Drawing from Fermenthings’ daily practice, where food waste becomes flavor and collaboration is as essential as microbes, the Circular Fermentation lecture explored what microbial ecosystems can teach us about cooperation and resilience. It showed how fermentation embodies circularity and zero-waste principles, and how these lessons can be translated into social and cultural systems facing today’s ecological challenges.

Hungary

In Hungary, the green sommelier hosted a Water Kefir Workshop, guiding participants through the process of making a probiotic-rich fermented lemonade. The hands-on session covered fermentation basics, flavoring with fruits and herbs, and caring for water kefir crystals. Participants left with practical knowledge, and their own ferment bubbling at home.

Turkey

In Adana, Fermolution highlighted two regional treasures: Tirşık soup and şalgam. Ms. Deniz guided participants through the fermentation of Tirşık, a wild herb unique to the region, while Slow Food Adana exhibitor Bilgin introduced the traditional purple carrot-based şalgam. Dietitian Duygu Özbay complemented the session by discussing the nutritional and health benefits of both ferments, linking tradition, taste, and well-being.

Colombia

In Colombia, Fermentandolotodo hosted a small and intimate workshop-dinner focused on fermented yuca (cassava). Combining foraging, fermentation, and shared eating, the event celebrated Colombian food culture through hands-on practice and storytelling.

France

In Paris, Fermolution took shape through the simple yet powerful act of sharing sourdough. Vanina, founder of L’École Comestible and Secousse Boulangerie, distributed sourdough starters, inviting people to take home a living culture and continue the fermentation journey in their own kitchens.

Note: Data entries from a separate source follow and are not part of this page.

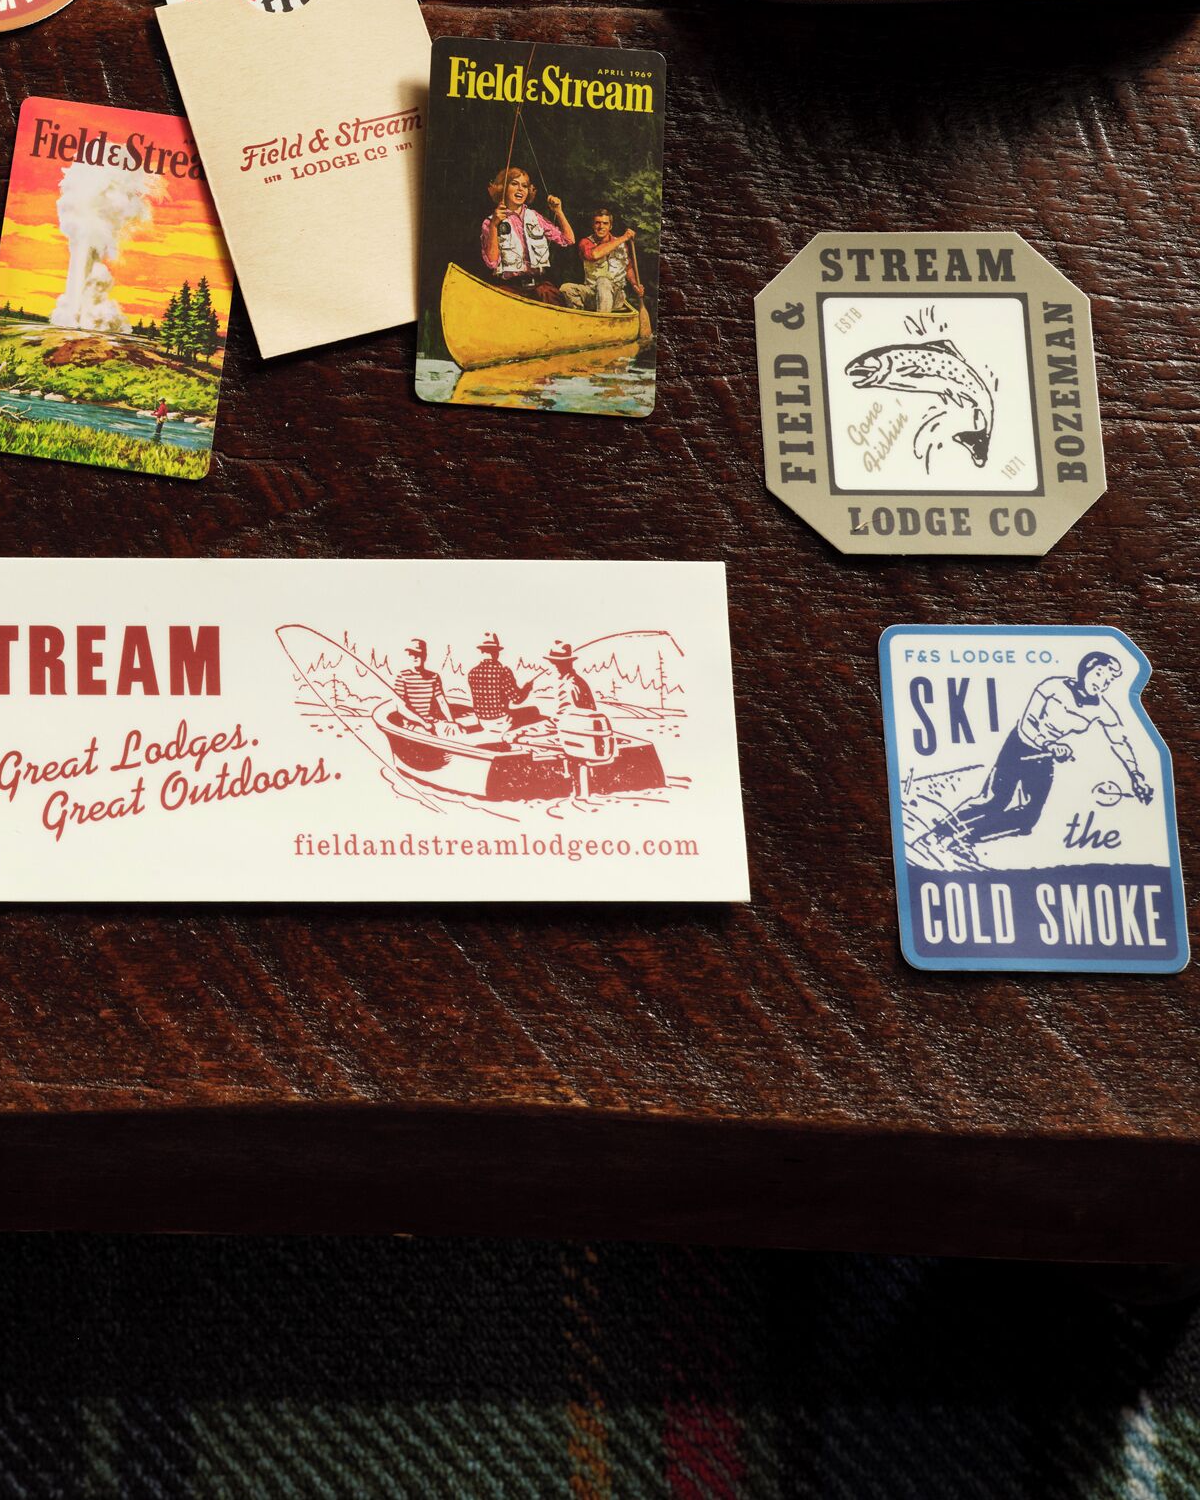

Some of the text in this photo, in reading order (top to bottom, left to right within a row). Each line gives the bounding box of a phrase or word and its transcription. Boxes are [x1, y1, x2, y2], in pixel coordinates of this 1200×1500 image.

[446, 56, 654, 114] Field Stream
[597, 68, 653, 80] APRIL 1969
[29, 117, 108, 167] Field
[240, 106, 425, 172] Field & Stream
[395, 141, 414, 153] 1871
[263, 174, 283, 185] ESTB
[289, 152, 361, 181] LODGE
[819, 248, 1017, 283] STREAM
[833, 306, 863, 335] ESTB
[770, 301, 818, 485] FIELD &
[1042, 301, 1088, 484] BOZEMAN
[846, 400, 884, 448] Gone
[1000, 456, 1027, 480] 1871
[847, 506, 1038, 537] LODGE CO
[904, 650, 1060, 664] F&S LODGE CO.
[909, 676, 1000, 757] SKI
[110, 719, 260, 772] Lodges.
[42, 757, 343, 842] Great Outdoors.
[293, 832, 700, 862] fieldandstreamlodgeco.com
[1063, 811, 1123, 850] the
[920, 882, 1168, 947] COLD SMOKE

Rather than focusing on a single event, this Fermolution moment emphasized continuity: sourdough as something that travels, grows, and connects people over time. Each starter carried not only wild yeast and bacteria, but also knowledge: how to care for it, how to bake with it, and how to pass it on.

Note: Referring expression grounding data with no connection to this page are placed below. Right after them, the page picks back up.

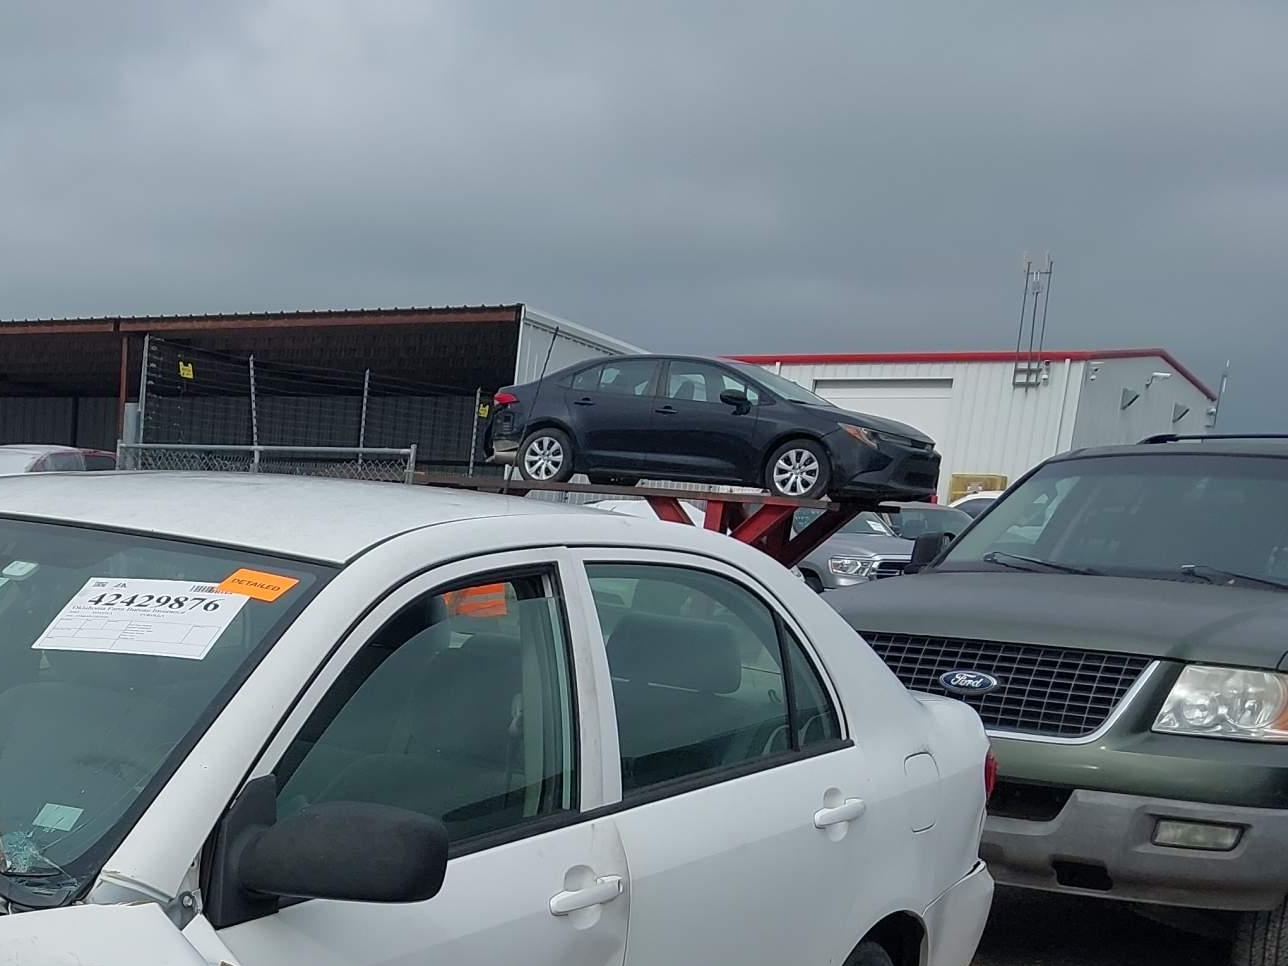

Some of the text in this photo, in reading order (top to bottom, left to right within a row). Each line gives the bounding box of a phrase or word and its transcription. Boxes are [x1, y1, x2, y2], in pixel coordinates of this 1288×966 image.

[232, 578, 281, 592] DETAILED
[87, 592, 225, 612] 42429876
[950, 672, 984, 688] Ford
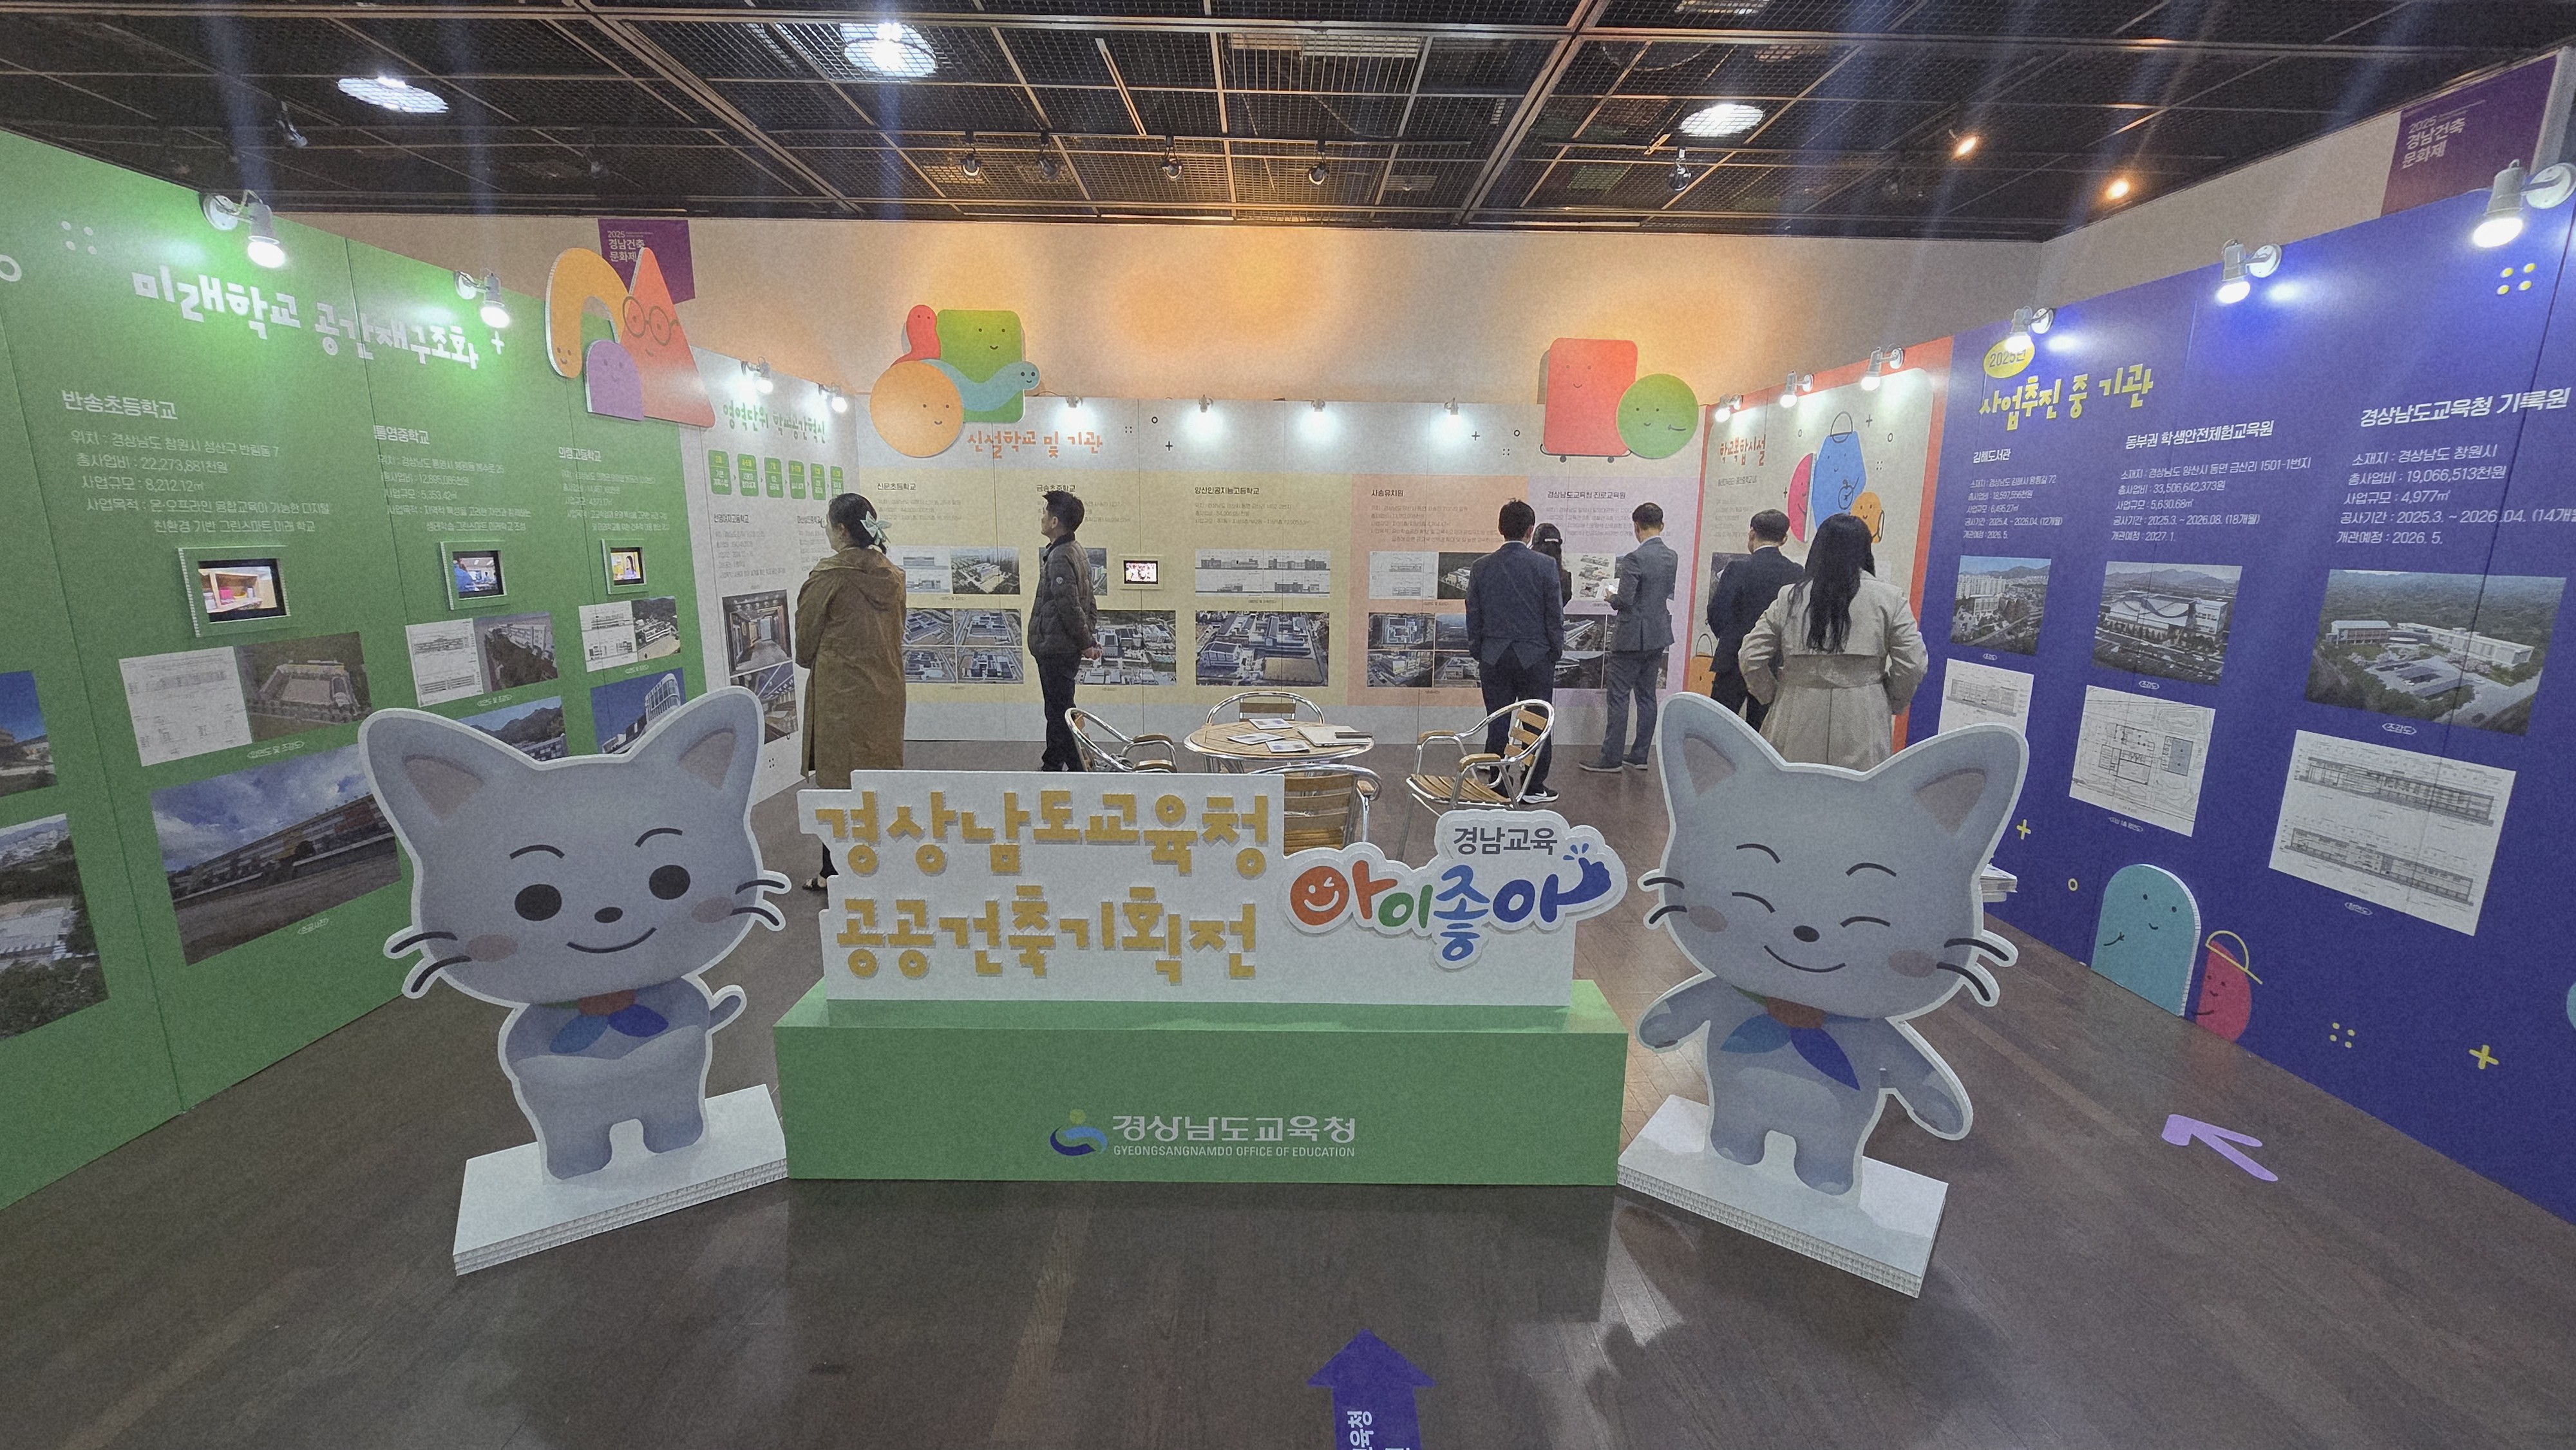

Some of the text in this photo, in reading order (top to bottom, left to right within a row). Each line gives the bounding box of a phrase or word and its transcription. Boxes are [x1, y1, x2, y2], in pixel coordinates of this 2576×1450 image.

[2407, 117, 2466, 149] 경남건축
[2409, 116, 2438, 133] 2025
[2402, 140, 2447, 169] 문화제
[609, 239, 645, 250] 경남건축
[132, 265, 479, 370] 미래학교 공간재구조화
[62, 390, 178, 420] 반송초등학교
[1979, 363, 2154, 431] 사업추진 중 기관
[2360, 387, 2571, 428] 경상남도교육청 기록원
[723, 399, 769, 432] 영역단위
[71, 430, 99, 445] 위치
[112, 433, 162, 450] 경상남도
[165, 437, 201, 452] 창원시
[204, 441, 236, 455] 성산구
[373, 424, 430, 446] 통영중학교
[967, 430, 1103, 460] 신설학교 및 기관
[2125, 420, 2275, 450] 동부권 학생안전체험교육원
[558, 446, 601, 462] 의령고등학교
[1719, 433, 1766, 467] 학교복합시설
[1973, 448, 2011, 464] 김해도서관
[2352, 444, 2498, 466] 소재지 경상남도 창원시
[76, 453, 228, 474] 총사업비 22,273,881천원
[2120, 457, 2312, 480] 소재지 경상남도 양산시 동면 금산리 1501-1번지
[82, 476, 135, 490] 사업규모
[2048, 475, 2057, 484] 72
[2348, 466, 2506, 486] 총사업비 19,066,513천원
[2117, 480, 2226, 495] 총사업비 33,506,642,373원
[2344, 489, 2451, 505] 사업규모 4,977㎡
[87, 498, 139, 511] 사업목적
[270, 502, 299, 514] 가능한
[301, 502, 330, 514] 디지털
[2116, 498, 2194, 511] 사업규모 5,630.68㎡
[154, 520, 191, 533] 친환경
[193, 520, 216, 533] 기반
[220, 520, 272, 533] 그린스마트
[296, 520, 316, 532] 학교
[2113, 513, 2260, 526] 공사기간 2025.3. 2026.08. (18개월)
[2340, 511, 2387, 524] 공사기간
[2396, 510, 2445, 523] 2025.3.
[2459, 509, 2526, 523] 2026.04.
[2111, 531, 2140, 541] 개관예정
[2145, 531, 2168, 541] 2027.
[2336, 531, 2443, 544] 개관예정 2026. 5.
[815, 791, 1269, 880] 경상남도교육청
[1454, 827, 1557, 856] 경남교육
[1290, 857, 1611, 961] 아이좋아
[837, 885, 1256, 986] 공공건축기획전
[1112, 1115, 1355, 1144] 경상남도교육청
[1113, 1145, 1355, 1157] GYEONGSANGNAMDO OFFICE OF EDUCATION
[1347, 1411, 1374, 1450] 육청

In the same week, in Bordeaux, Bartolo, founder of the École Professionnelle de Pizza et Panification and Capperi restaurant, guided his students through the craft of panification. Through hands-on activities, he shared the magic of fermentation rooted in his Italian heritage, bridging professional training with cultural roots and the importance of biodiversity in everyday food.

One practice, many expressions

Across continents, Fermolution showed that fermentation is not a trend, it is a shared human language, spoken through different ingredients, climates, and cultures. Whether through a single jar, a tasting booth, or a community picnic, each Fermolution moment created space for learning and connection.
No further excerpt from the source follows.